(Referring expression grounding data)
▼▼▼
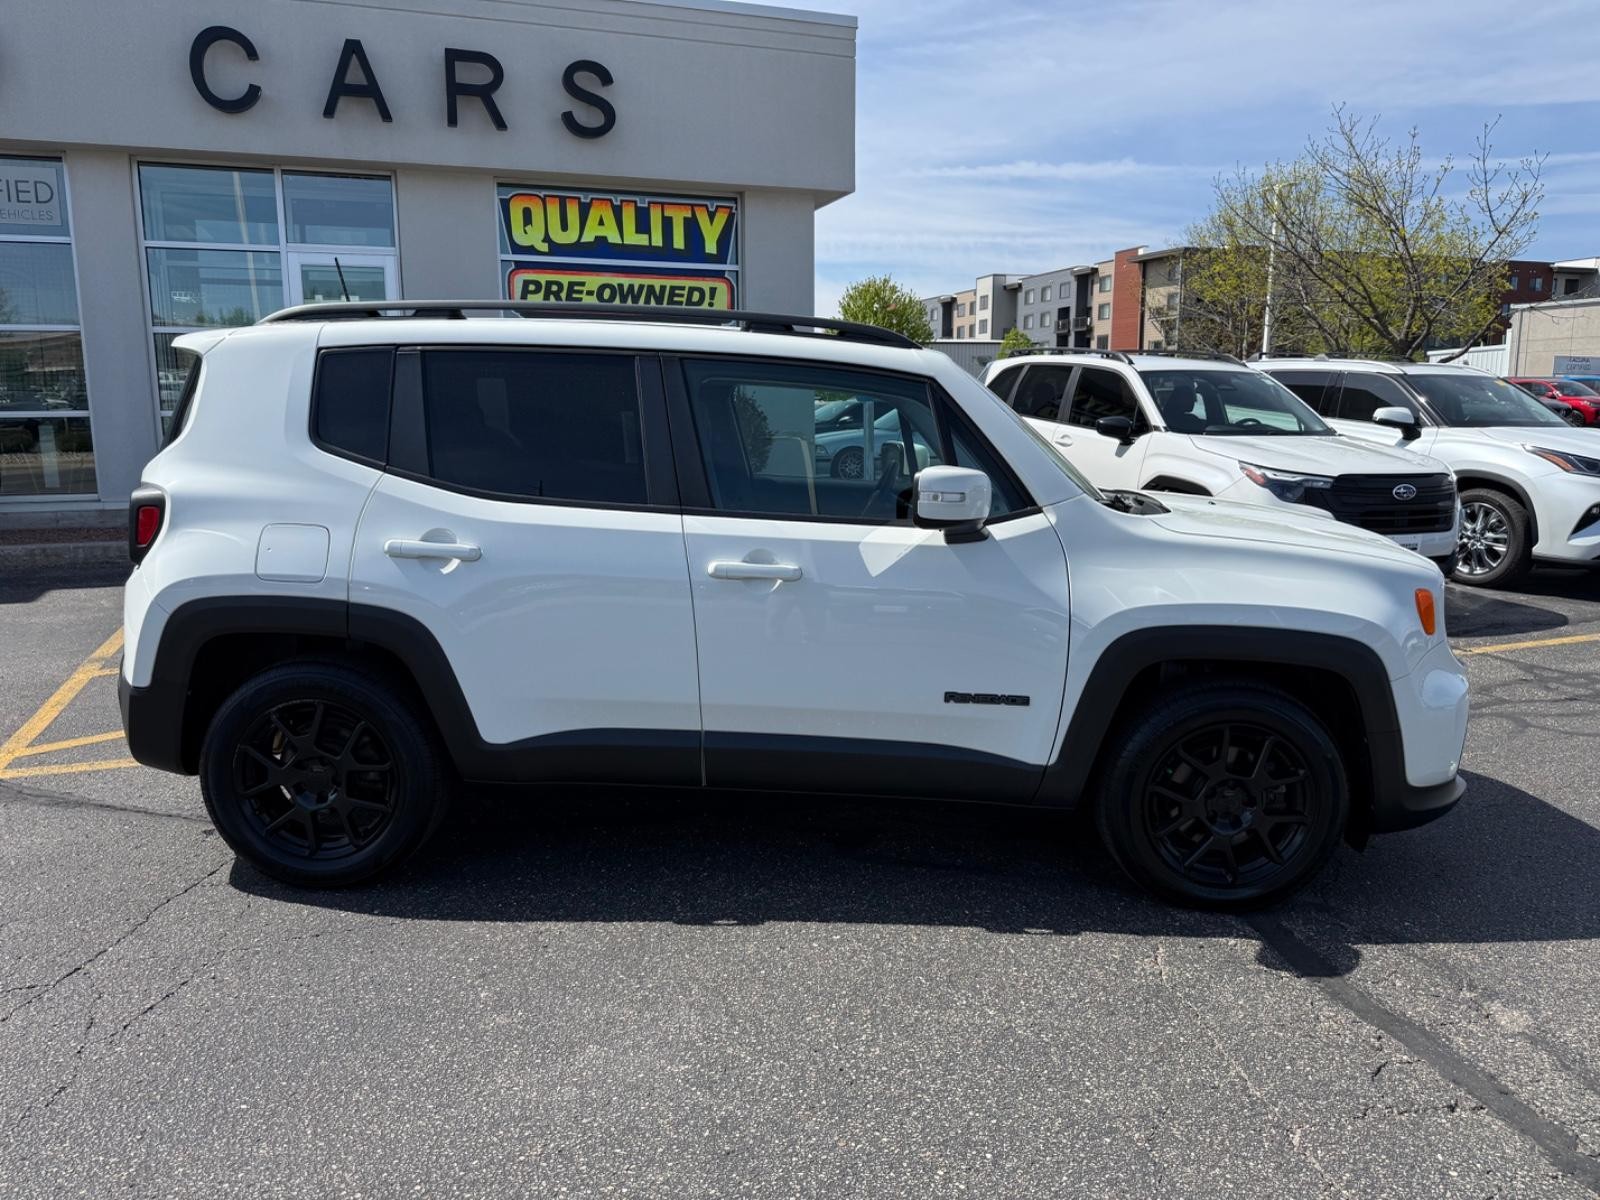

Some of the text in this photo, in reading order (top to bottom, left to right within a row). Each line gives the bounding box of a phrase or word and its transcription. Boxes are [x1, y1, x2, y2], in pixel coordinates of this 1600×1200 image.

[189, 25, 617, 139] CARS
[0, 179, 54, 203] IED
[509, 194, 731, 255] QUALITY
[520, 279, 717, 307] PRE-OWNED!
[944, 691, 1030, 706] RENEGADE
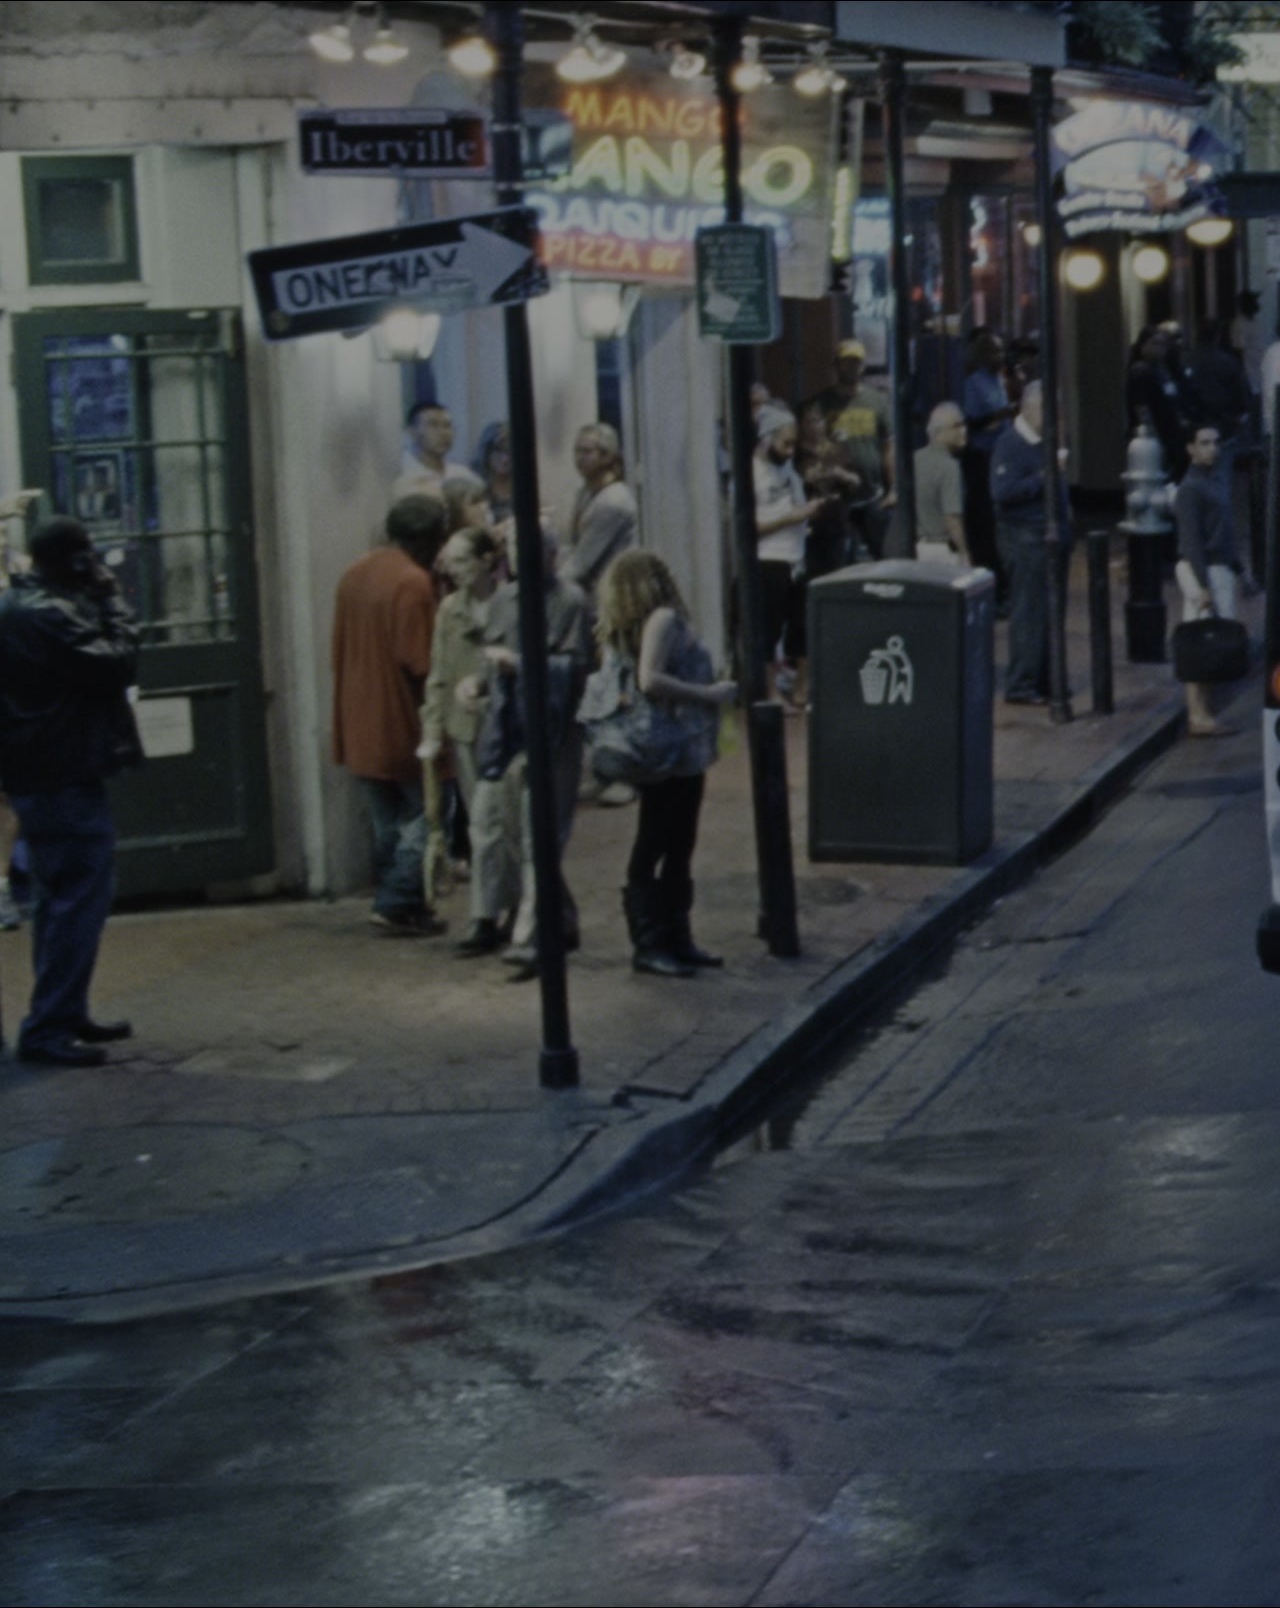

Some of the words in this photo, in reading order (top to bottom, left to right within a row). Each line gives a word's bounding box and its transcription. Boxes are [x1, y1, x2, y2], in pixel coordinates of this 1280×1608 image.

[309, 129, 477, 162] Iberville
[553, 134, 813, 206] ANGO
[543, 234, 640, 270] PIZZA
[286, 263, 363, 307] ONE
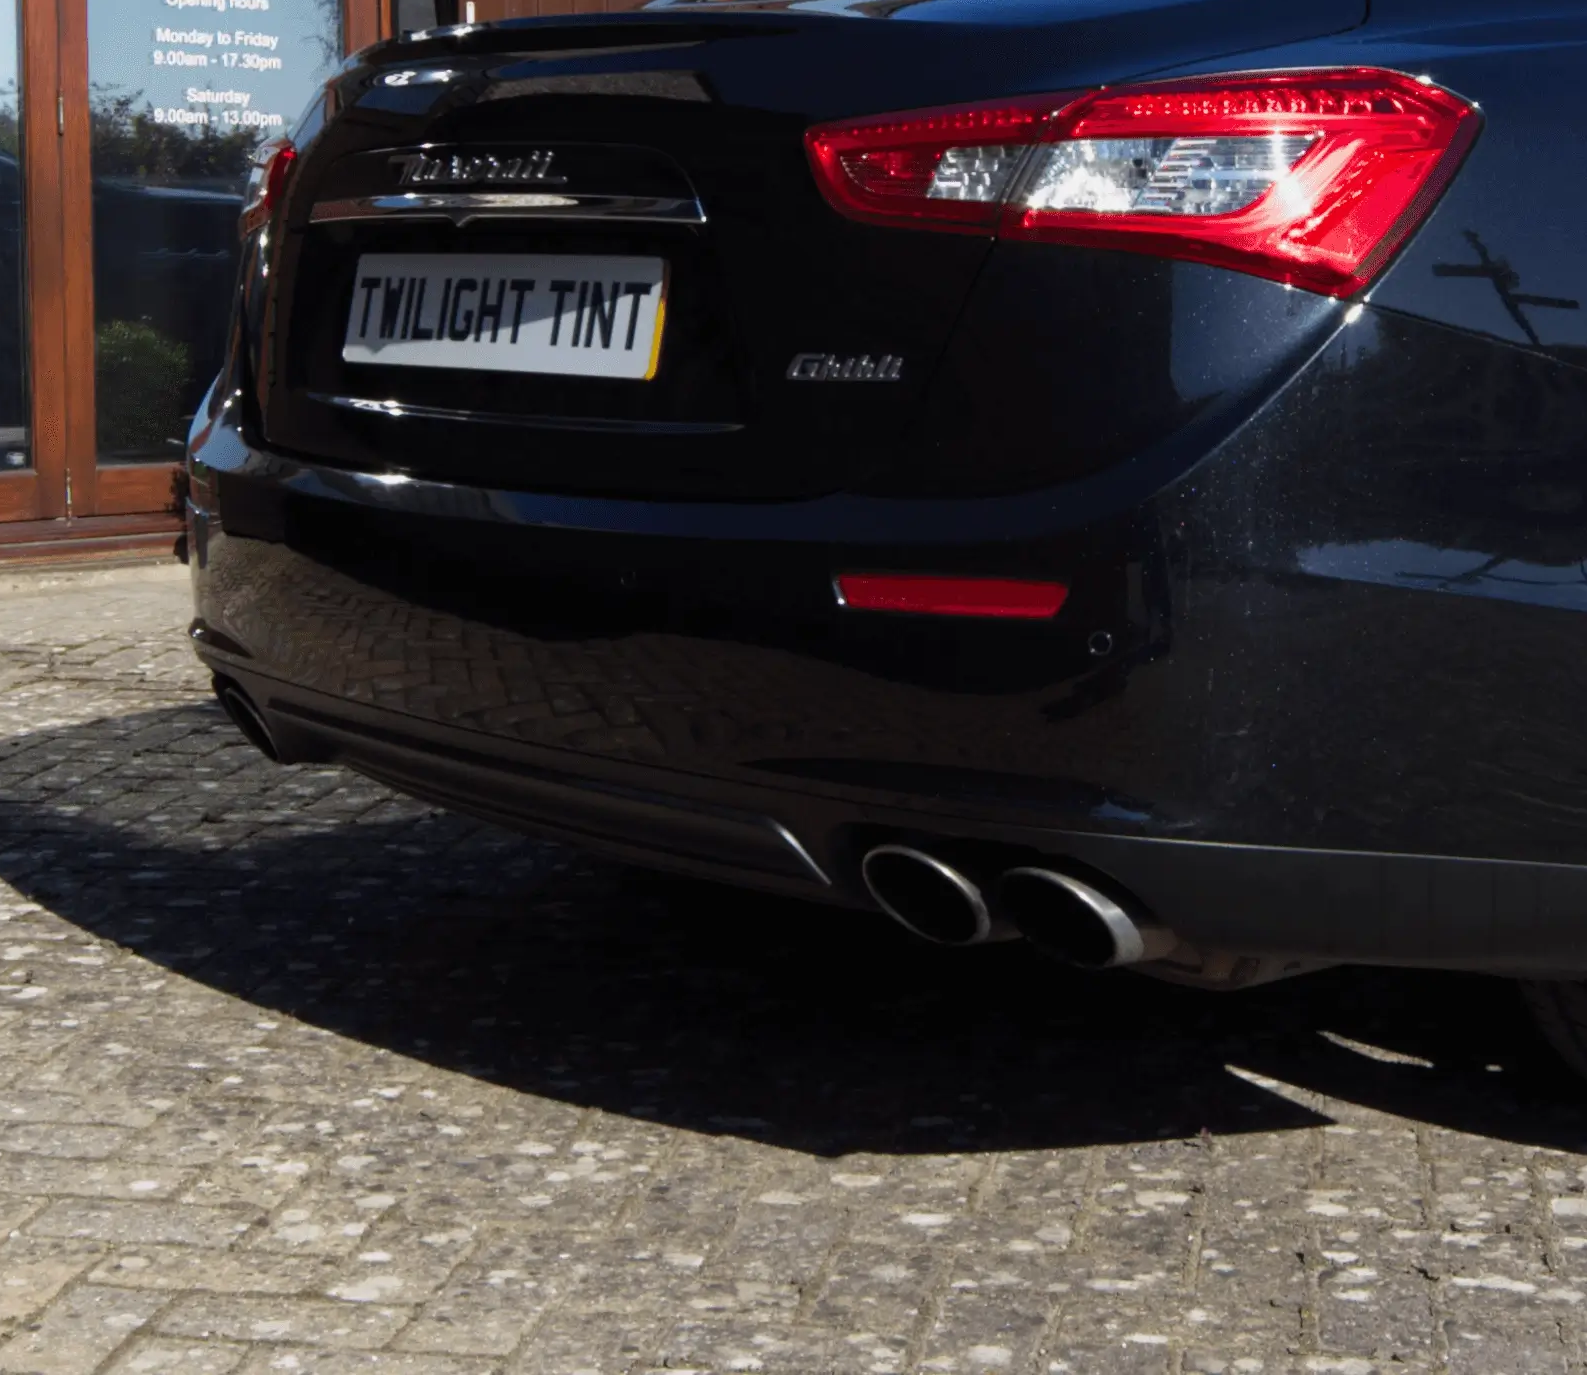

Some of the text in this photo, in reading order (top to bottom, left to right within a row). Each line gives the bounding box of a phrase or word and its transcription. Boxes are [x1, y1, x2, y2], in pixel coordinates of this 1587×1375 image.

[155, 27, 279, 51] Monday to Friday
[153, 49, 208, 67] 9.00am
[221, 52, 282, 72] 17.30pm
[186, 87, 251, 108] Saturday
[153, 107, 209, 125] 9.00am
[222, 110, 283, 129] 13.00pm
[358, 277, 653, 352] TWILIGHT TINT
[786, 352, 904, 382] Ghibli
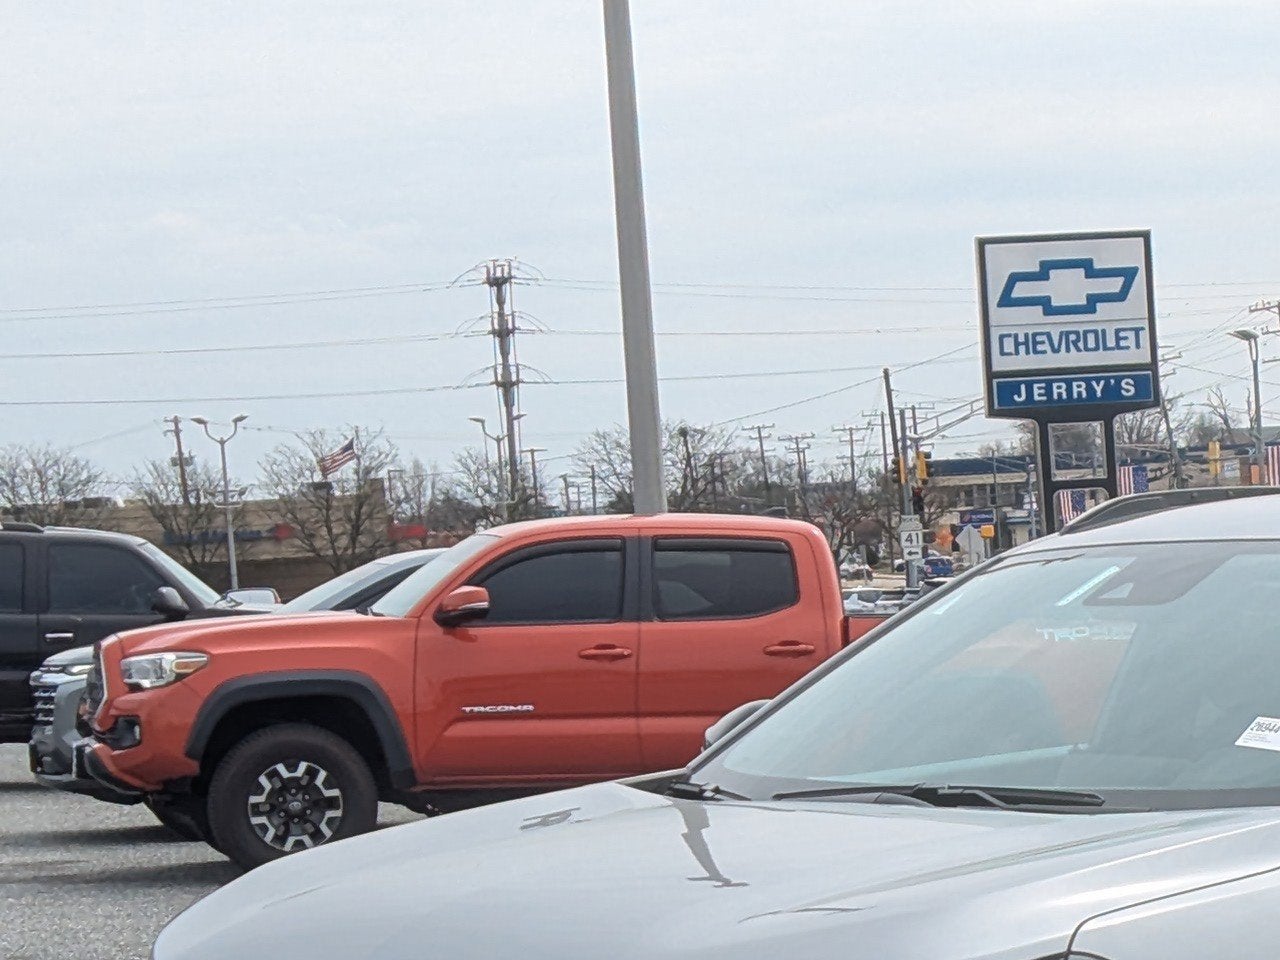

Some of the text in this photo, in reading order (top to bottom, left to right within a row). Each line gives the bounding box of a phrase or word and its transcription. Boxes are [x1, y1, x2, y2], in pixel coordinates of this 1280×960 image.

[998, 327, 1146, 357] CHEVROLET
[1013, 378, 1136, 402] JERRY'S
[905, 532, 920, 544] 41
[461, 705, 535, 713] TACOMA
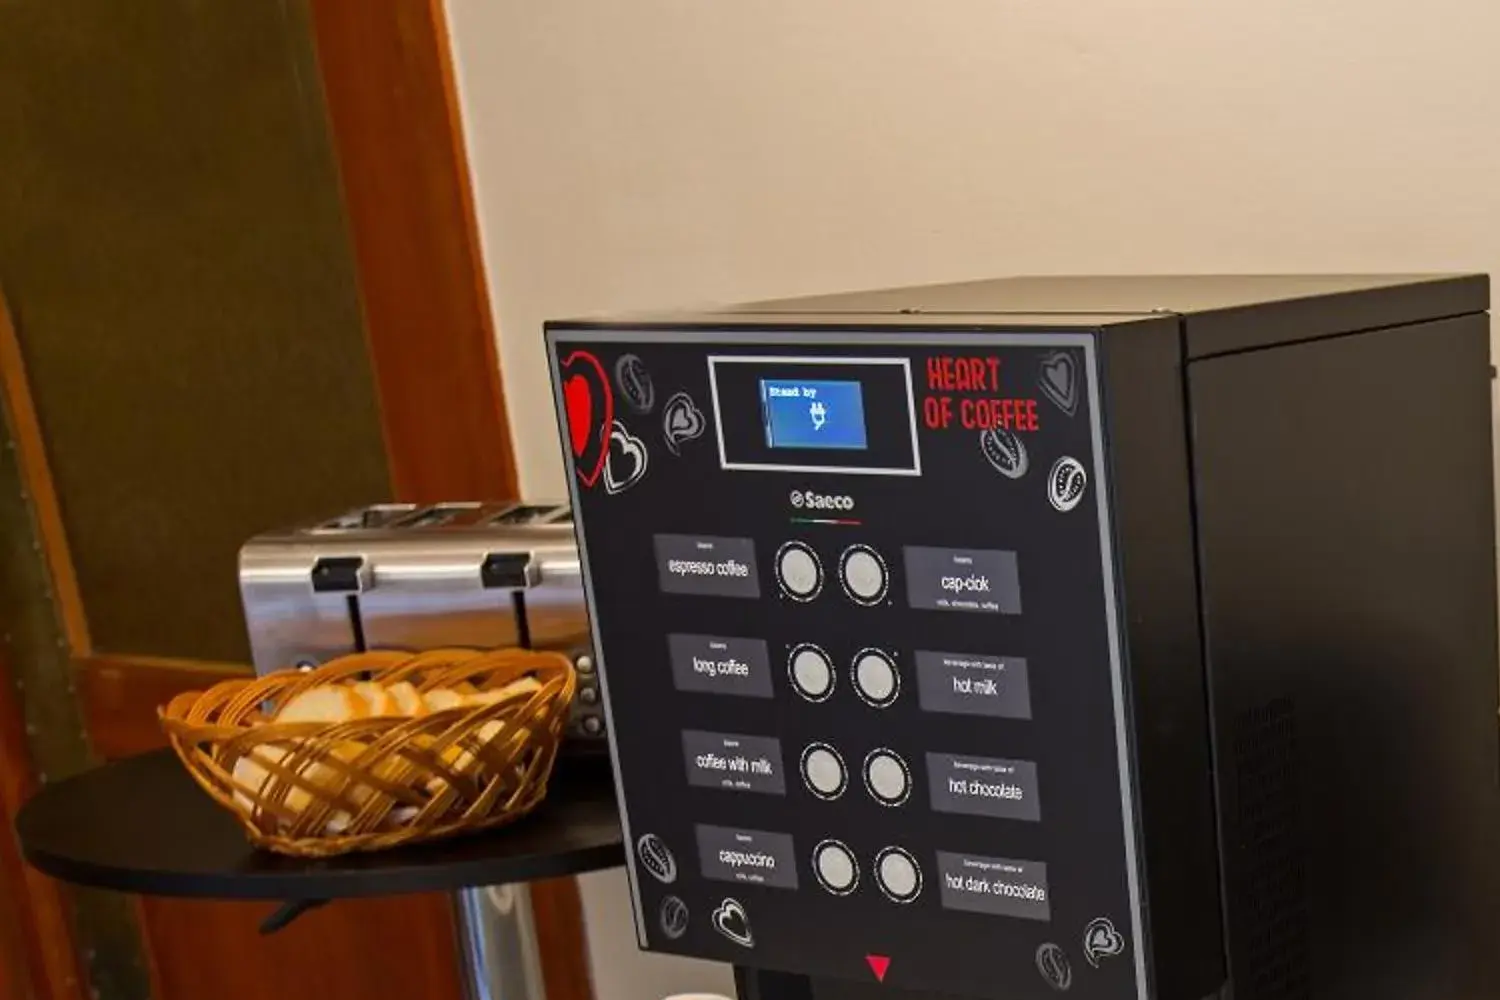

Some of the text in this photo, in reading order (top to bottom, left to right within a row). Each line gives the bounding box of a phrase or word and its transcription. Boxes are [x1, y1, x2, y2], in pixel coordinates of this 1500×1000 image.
▲▲▲
**PROBLEM**. All entries must be output unchanged, with every picture omitted.

**EXERCISE SOLUTION**.
Some of the text in this photo, in reading order (top to bottom, left to right within a row). Each line gives the bounding box of a phrase or word and its transcription. Boxes are [x1, y1, x2, y2], in pixel coordinates of this 1600×1200 image.

[189, 25, 617, 139] CARS
[0, 179, 54, 203] IED
[509, 194, 731, 255] QUALITY
[520, 279, 717, 307] PRE-OWNED!
[944, 691, 1030, 706] RENEGADE

Some of the words in this photo, in reading order (top to bottom, left to right within a row). Each line gives a word's bounding box and its transcription. Boxes are [x1, y1, x2, y2], in pixel coordinates of this 1280×1608 image.

[309, 129, 477, 162] Iberville
[553, 134, 813, 206] ANGO
[543, 234, 640, 270] PIZZA
[286, 263, 363, 307] ONE

Some of the text in this photo, in reading order (top to bottom, left to right within a row). Each line gives the bounding box of a phrase or word and its transcription. Boxes are [x1, y1, x2, y2], in pixel coordinates of this 1587×1375 image.

[155, 27, 279, 51] Monday to Friday
[153, 49, 208, 67] 9.00am
[221, 52, 282, 72] 17.30pm
[186, 87, 251, 108] Saturday
[153, 107, 209, 125] 9.00am
[222, 110, 283, 129] 13.00pm
[358, 277, 653, 352] TWILIGHT TINT
[786, 352, 904, 382] Ghibli

Some of the text in this photo, in reading order (top to bottom, left to right within a row). Each line gives the bounding box of a phrase or word and its transcription. Boxes are [x1, y1, x2, y2], in pixel coordinates of this 1280×960 image.

[998, 327, 1146, 357] CHEVROLET
[1013, 378, 1136, 402] JERRY'S
[905, 532, 920, 544] 41
[461, 705, 535, 713] TACOMA

Some of the text in this photo, in reading order (top to bottom, left to right within a row). Each line gives the bounding box of a phrase or word and its transcription. Boxes are [x1, y1, x2, y2], in pixel coordinates of this 1500×1000 image.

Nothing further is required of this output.